**Task description:** Here are some records; quote them exactly, leaving out the pictures.

**Given records:**
────────────────
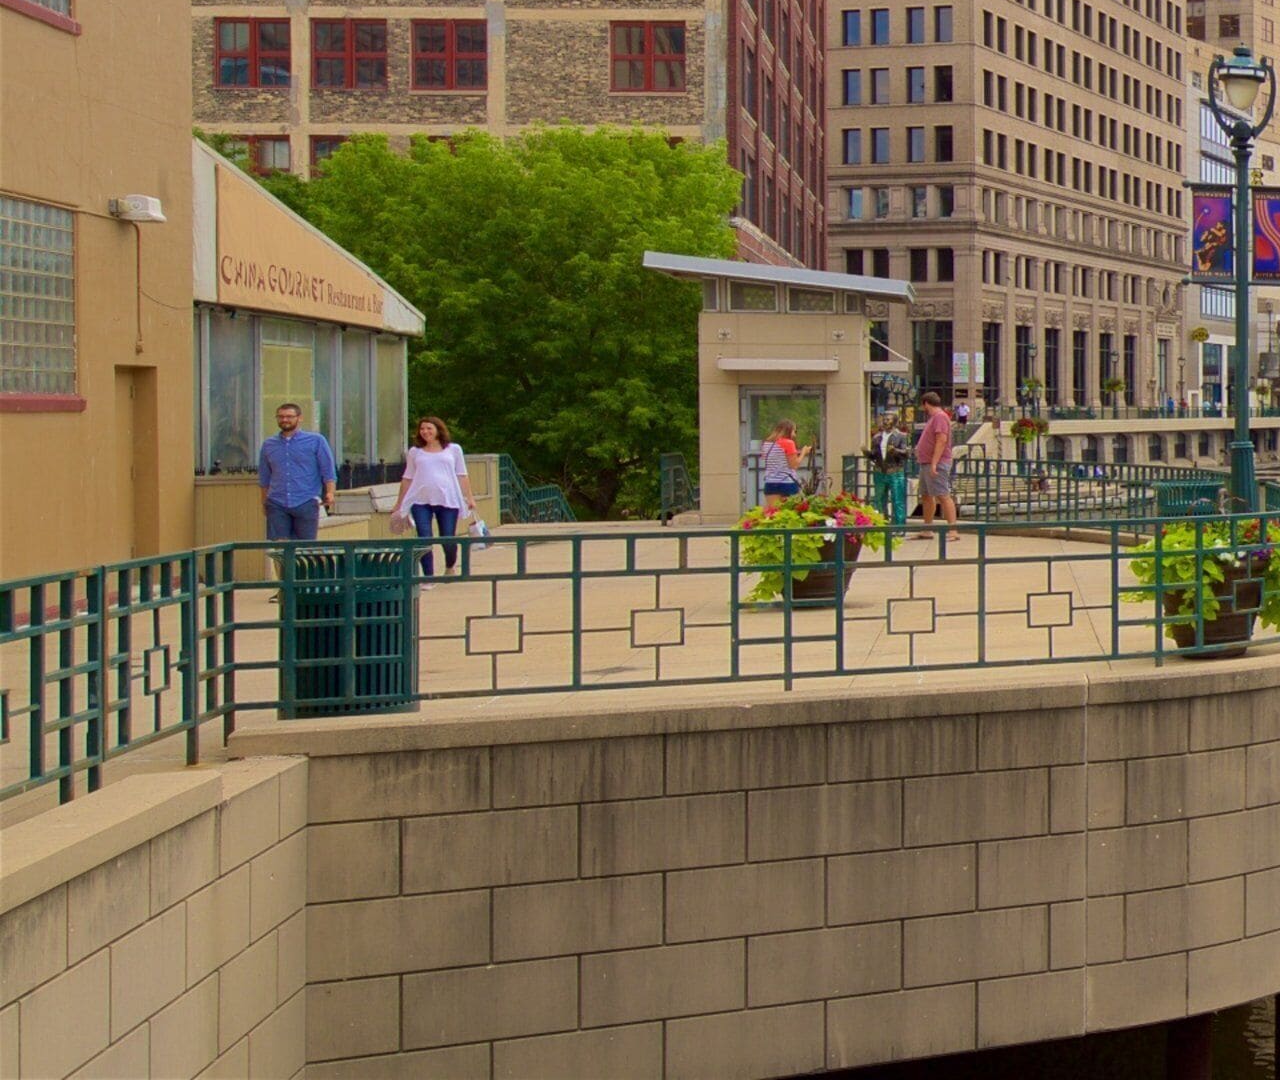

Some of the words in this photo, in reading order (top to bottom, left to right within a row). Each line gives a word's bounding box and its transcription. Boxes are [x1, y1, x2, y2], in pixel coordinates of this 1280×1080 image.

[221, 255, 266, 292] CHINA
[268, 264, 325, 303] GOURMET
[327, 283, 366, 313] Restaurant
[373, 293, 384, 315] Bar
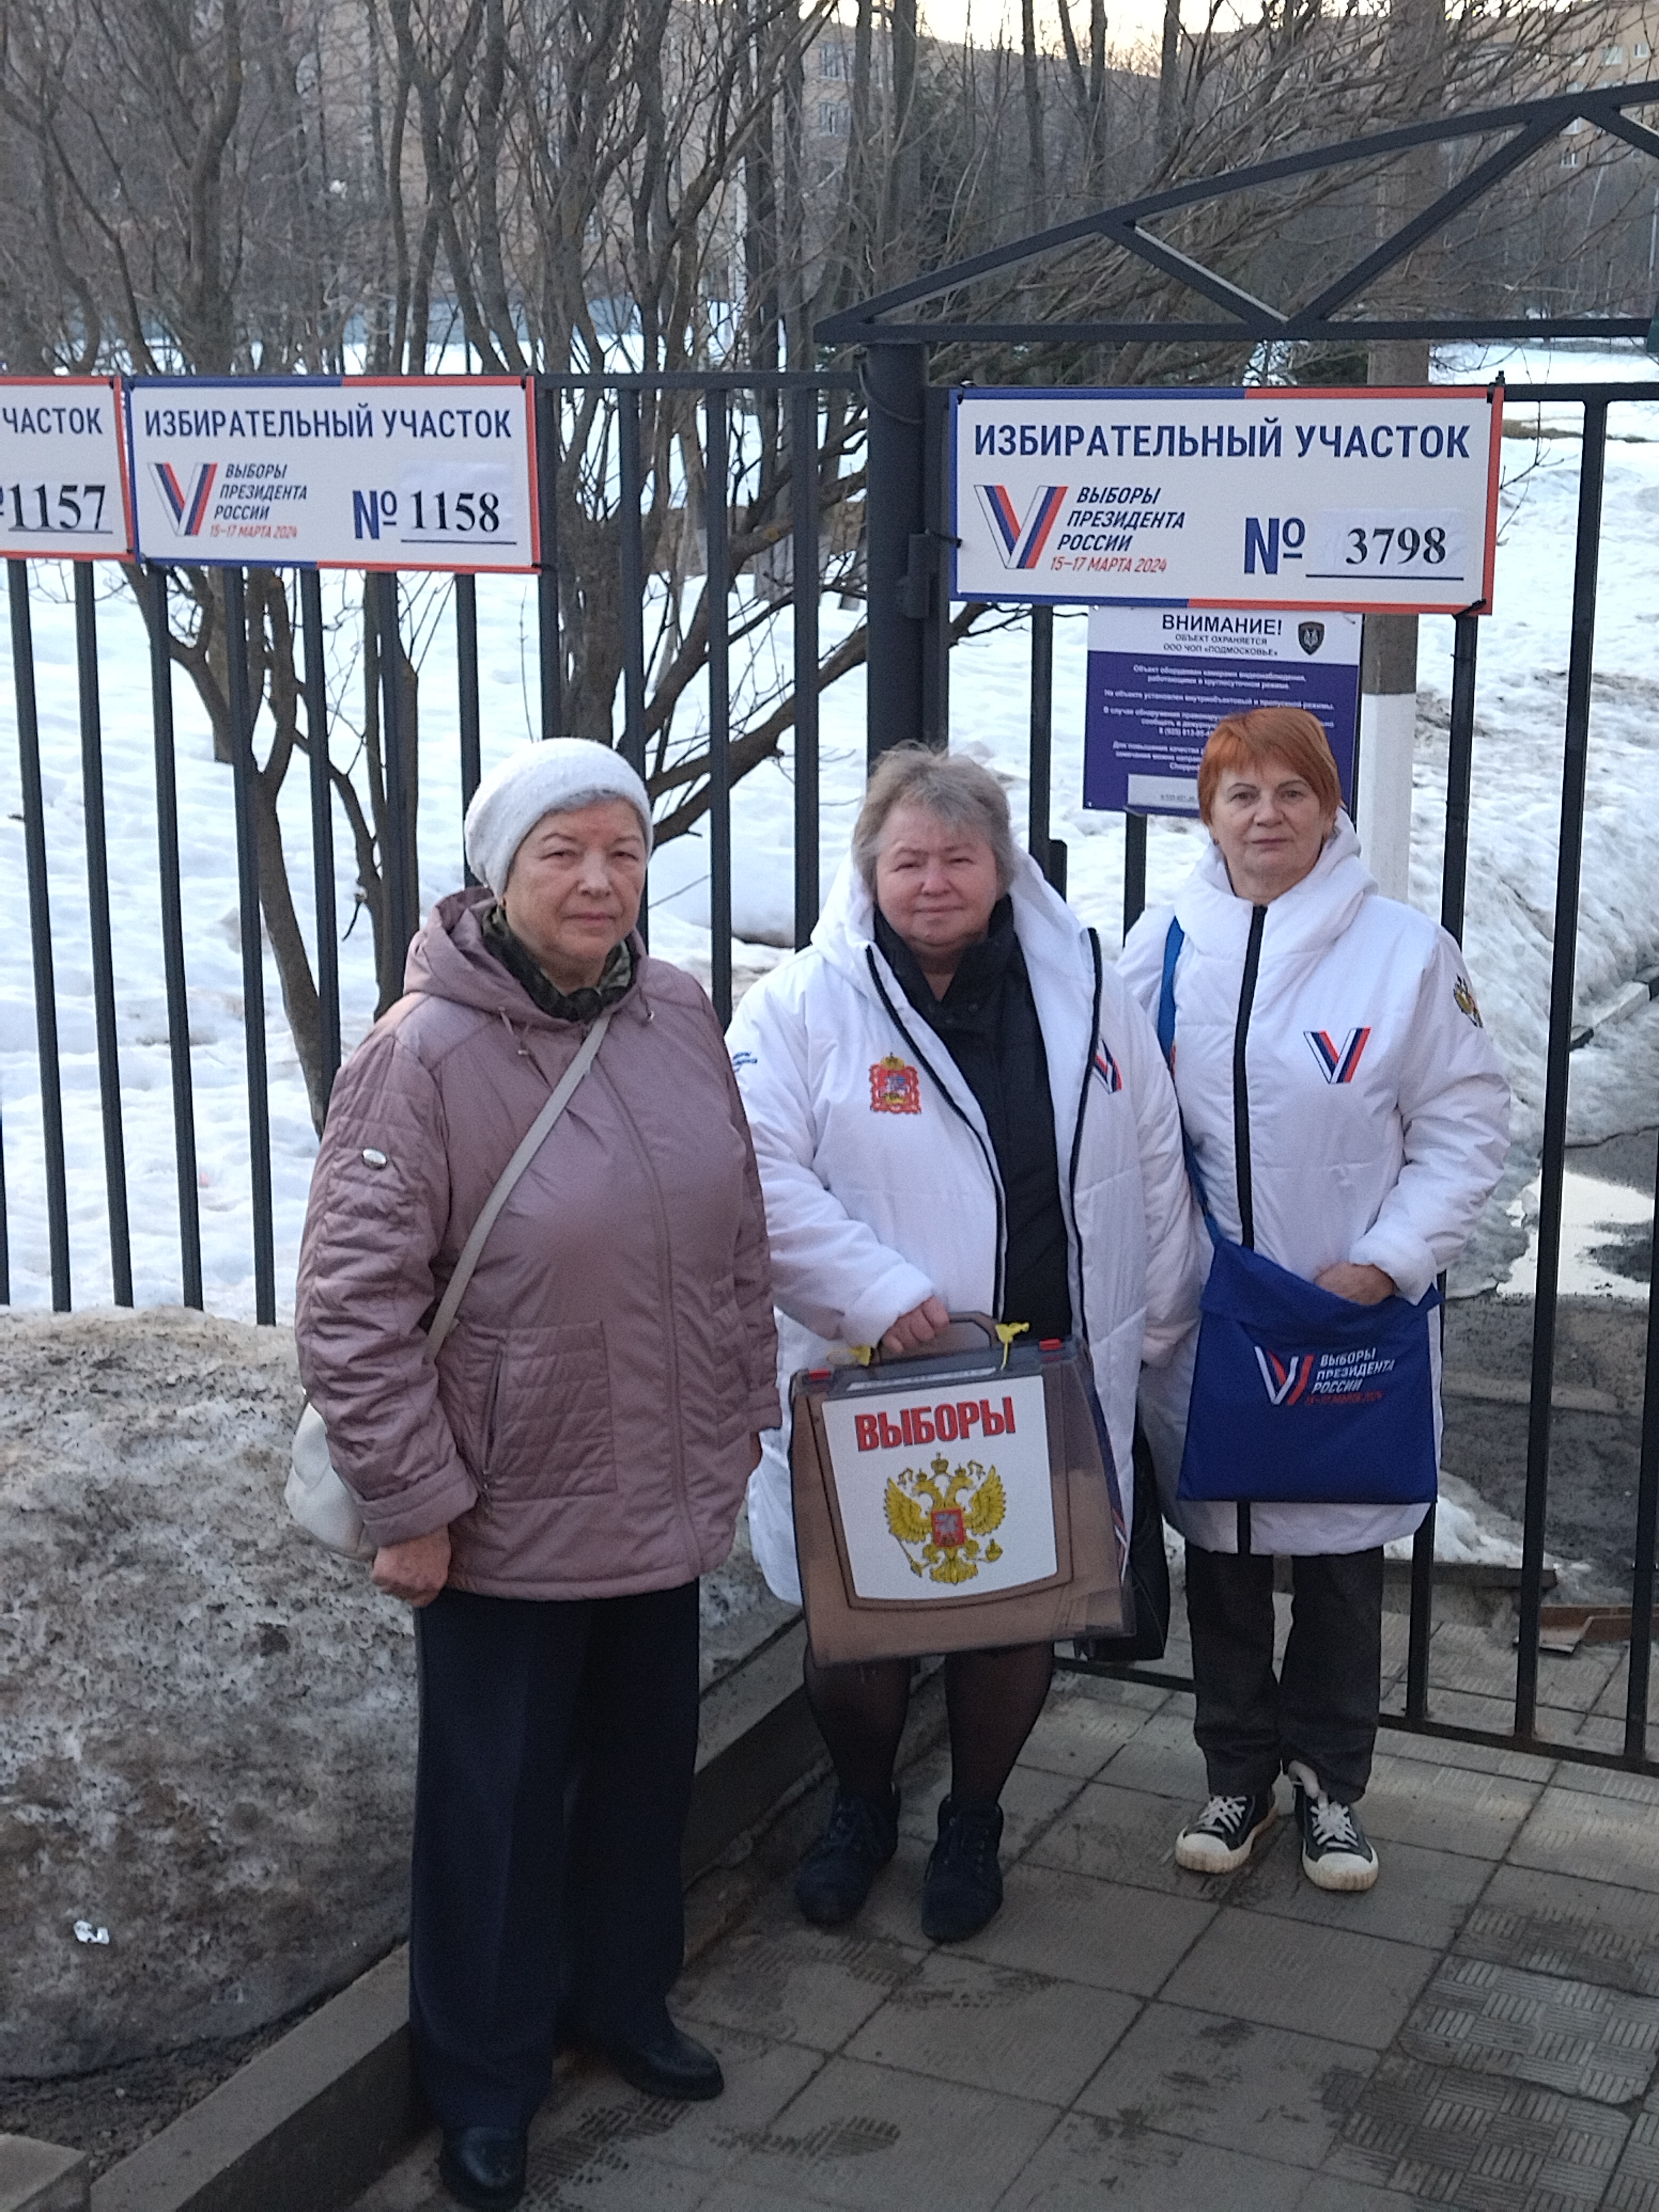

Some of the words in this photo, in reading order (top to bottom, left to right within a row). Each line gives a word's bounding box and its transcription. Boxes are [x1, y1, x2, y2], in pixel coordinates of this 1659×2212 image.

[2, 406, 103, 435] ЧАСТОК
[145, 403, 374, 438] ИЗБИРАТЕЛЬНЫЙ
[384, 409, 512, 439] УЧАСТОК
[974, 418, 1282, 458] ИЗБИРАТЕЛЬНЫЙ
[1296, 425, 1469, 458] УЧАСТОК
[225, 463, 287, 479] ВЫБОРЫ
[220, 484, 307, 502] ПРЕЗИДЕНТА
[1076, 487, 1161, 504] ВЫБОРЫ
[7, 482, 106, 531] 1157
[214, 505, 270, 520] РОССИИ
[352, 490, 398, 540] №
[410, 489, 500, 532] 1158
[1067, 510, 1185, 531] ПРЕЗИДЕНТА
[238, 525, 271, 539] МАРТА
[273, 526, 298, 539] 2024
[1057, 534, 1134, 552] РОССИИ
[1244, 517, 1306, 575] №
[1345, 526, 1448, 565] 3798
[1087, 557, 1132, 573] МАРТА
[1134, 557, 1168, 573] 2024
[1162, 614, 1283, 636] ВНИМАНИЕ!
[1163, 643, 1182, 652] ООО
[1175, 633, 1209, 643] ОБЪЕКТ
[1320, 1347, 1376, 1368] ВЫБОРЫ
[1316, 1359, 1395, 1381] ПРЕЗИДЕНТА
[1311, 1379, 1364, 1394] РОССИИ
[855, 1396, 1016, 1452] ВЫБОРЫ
────────────────
**Answer to the problem:**
Some of the words in this photo, in reading order (top to bottom, left to right within a row). Each line gives a word's bounding box and its transcription. Boxes are [x1, y1, x2, y2], in pixel coordinates of this 1280×1080 image.

[221, 255, 266, 292] CHINA
[268, 264, 325, 303] GOURMET
[327, 283, 366, 313] Restaurant
[373, 293, 384, 315] Bar

Some of the words in this photo, in reading order (top to bottom, left to right within a row). Each line gives a word's bounding box and its transcription. Boxes are [x1, y1, x2, y2], in pixel coordinates of this 1659×2212 image.

[2, 406, 103, 435] ЧАСТОК
[145, 403, 374, 438] ИЗБИРАТЕЛЬНЫЙ
[384, 409, 512, 439] УЧАСТОК
[974, 418, 1282, 458] ИЗБИРАТЕЛЬНЫЙ
[1296, 425, 1469, 458] УЧАСТОК
[225, 463, 287, 479] ВЫБОРЫ
[220, 484, 307, 502] ПРЕЗИДЕНТА
[1076, 487, 1161, 504] ВЫБОРЫ
[7, 482, 106, 531] 1157
[214, 505, 270, 520] РОССИИ
[352, 490, 398, 540] №
[410, 489, 500, 532] 1158
[1067, 510, 1185, 531] ПРЕЗИДЕНТА
[238, 525, 271, 539] МАРТА
[273, 526, 298, 539] 2024
[1057, 534, 1134, 552] РОССИИ
[1244, 517, 1306, 575] №
[1345, 526, 1448, 565] 3798
[1087, 557, 1132, 573] МАРТА
[1134, 557, 1168, 573] 2024
[1162, 614, 1283, 636] ВНИМАНИЕ!
[1163, 643, 1182, 652] ООО
[1175, 633, 1209, 643] ОБЪЕКТ
[1320, 1347, 1376, 1368] ВЫБОРЫ
[1316, 1359, 1395, 1381] ПРЕЗИДЕНТА
[1311, 1379, 1364, 1394] РОССИИ
[855, 1396, 1016, 1452] ВЫБОРЫ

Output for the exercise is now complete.